Although the Reserve Bank of India has crashed the expectations of the market regarding the rate cut, but still the investors can make the hay while the sun shines by planning right away to make the most of the likely monetary easing over the next two years.
It would be more advisable to for the investors to invest half of their fixed income portfolio in a mixture of long duration funds, gilt funds and tax free bonds which are definitely very well poised to benefit than the falling interest rates.
As per the market’s expectations the key policy rate is to be cut by 75-100 basis points gradually during the next two years and as the interest rates fall the bond prices will move up and therefore the capital of the investors will get appreciated .To make a point clear over here is that the rates and bonds move in the opposite directions.

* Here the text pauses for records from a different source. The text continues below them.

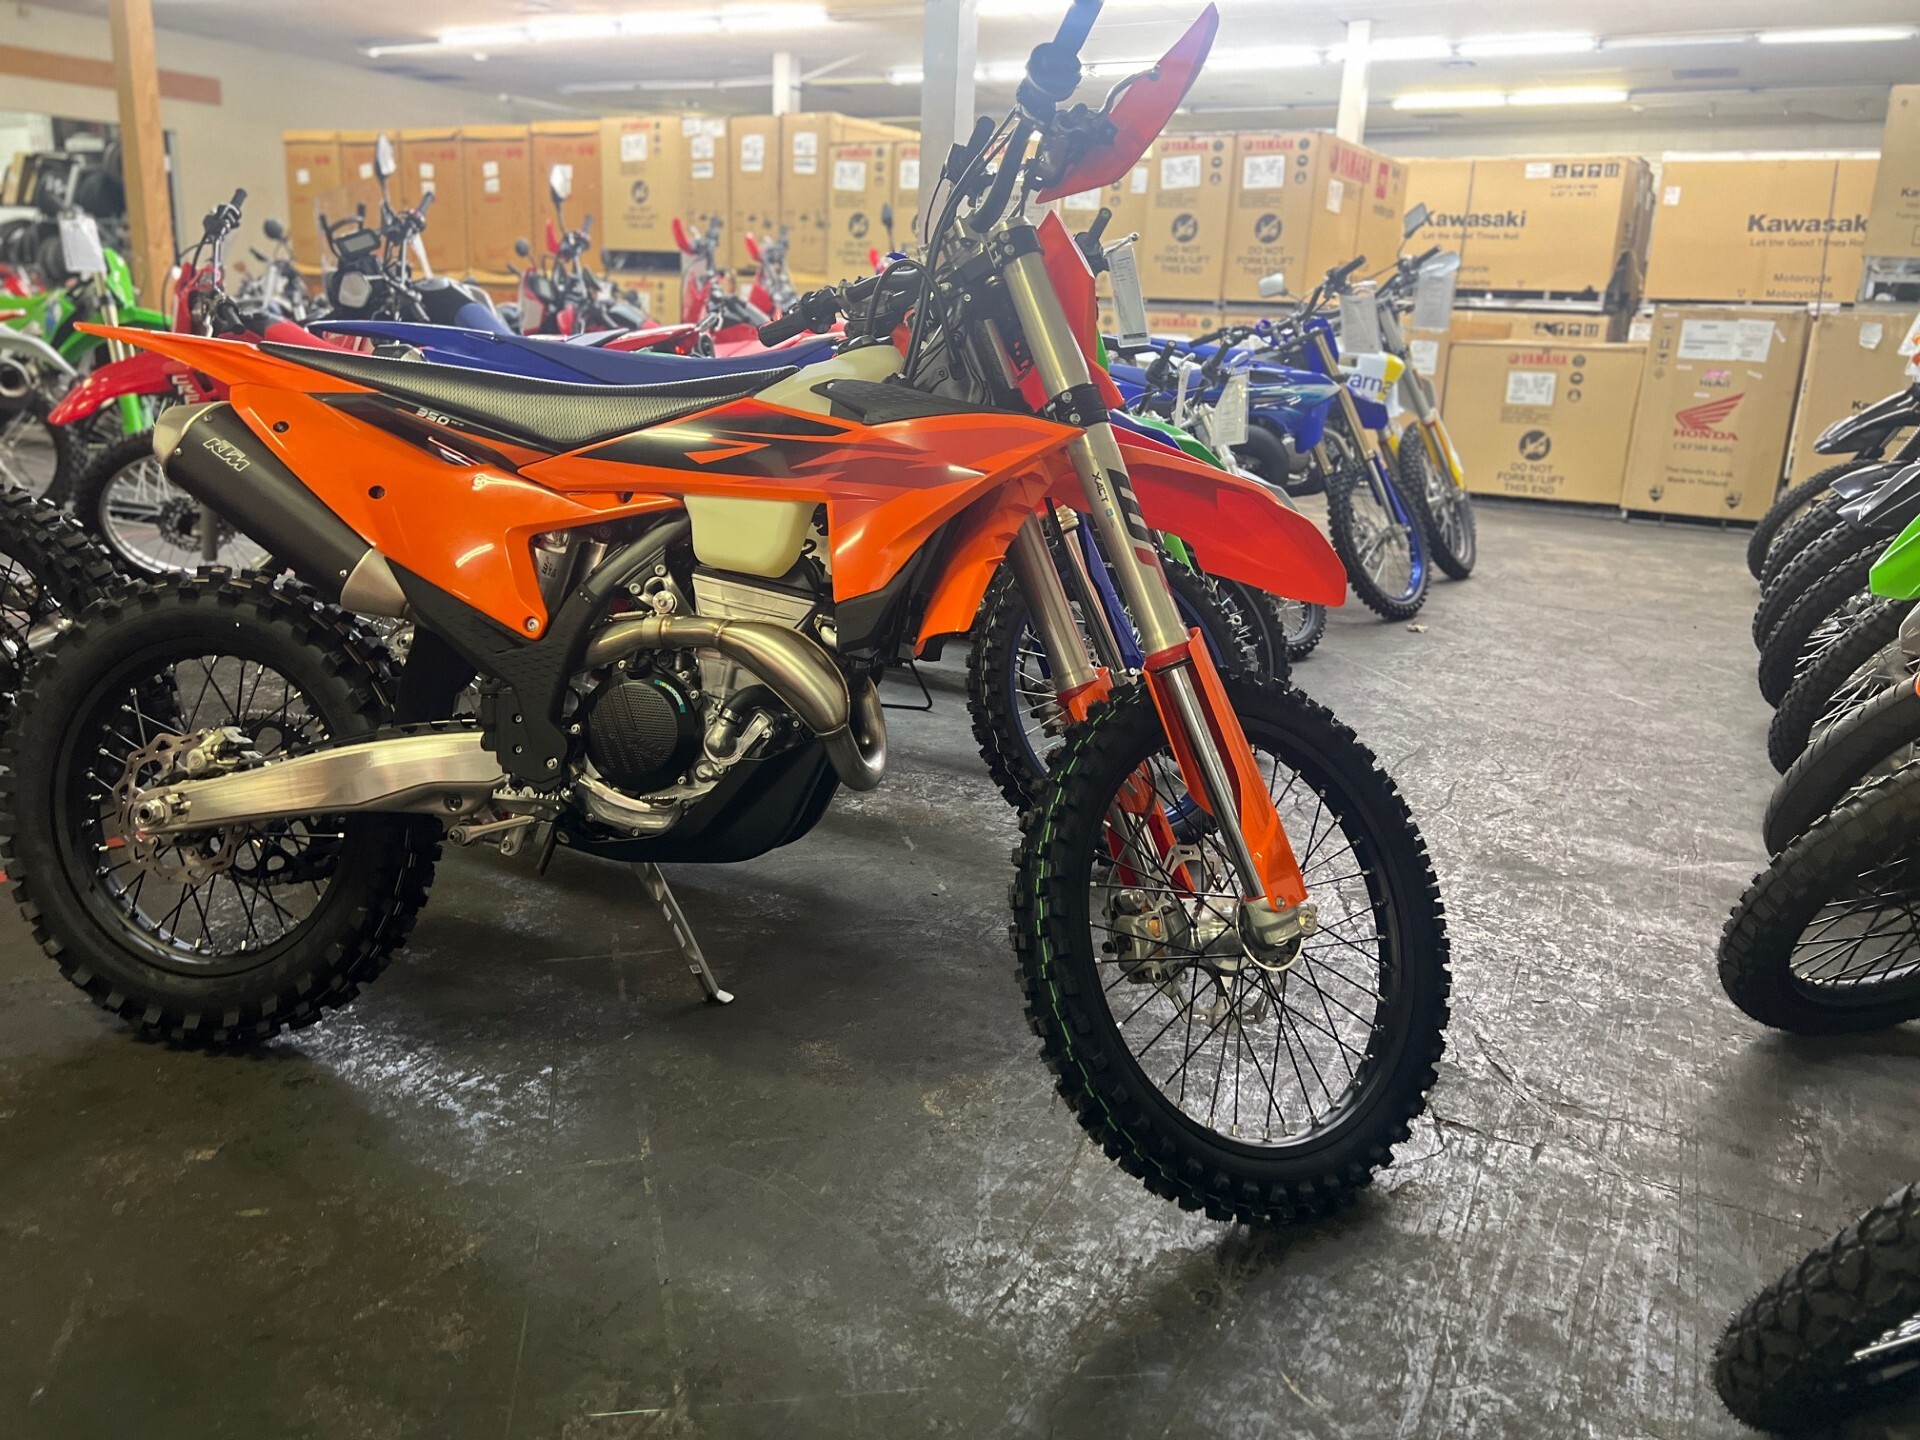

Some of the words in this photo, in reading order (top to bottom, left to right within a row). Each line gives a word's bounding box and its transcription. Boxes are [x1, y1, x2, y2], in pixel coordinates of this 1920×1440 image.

[1171, 141, 1209, 151] YAMAHA
[1255, 140, 1294, 149] YAMAHA
[1421, 210, 1527, 228] Kawasaki
[1747, 214, 1868, 232] Kawasak
[1422, 232, 1435, 240] Let
[1750, 238, 1766, 247] Let
[1769, 238, 1785, 247] the
[1787, 238, 1815, 247] Good
[1522, 354, 1567, 366] YAMAHA
[415, 407, 450, 426] 350
[1673, 429, 1739, 442] HONDA
[203, 437, 251, 472] KTM
[1510, 462, 1527, 472] DO
[1530, 463, 1554, 473] NOT
[1092, 471, 1109, 502] XACT
[1503, 482, 1529, 493] THIS
[1531, 484, 1555, 495] END

Even the consumer price inflation has dipped to 6.46% in September which is the lowest since the new series of consumer price inflation was released in January 2012 and so also the domestic fuel prices have dipped as the global crude oil prices have weakened to $82 per barrel inflicts a case for cut in the interest rates by next year, as the cut in diesel prices will bring pluck out the teeth of the inflation. So the long term income and gilt funds will fetch better yields on the ten year benchmark falls and will definitely give the investors a higher capital appreciation in long term and gilt funds. The fiscal deficit number projected by the government would play the main role in the direction of the ten year bond, if the fiscal deficit is on the lower side than what is projected than it would definitely boost up the rally bond market.
Another point to ponder is that when the rates fall the bond funds, gilt funds, tax free bonds with a longer maturity definitely benefit the most. In this bull run the markets are looking into the upward direction the market is too strong to take any hurdle in its strong march striding towards 35,000 and nifty at 10,000.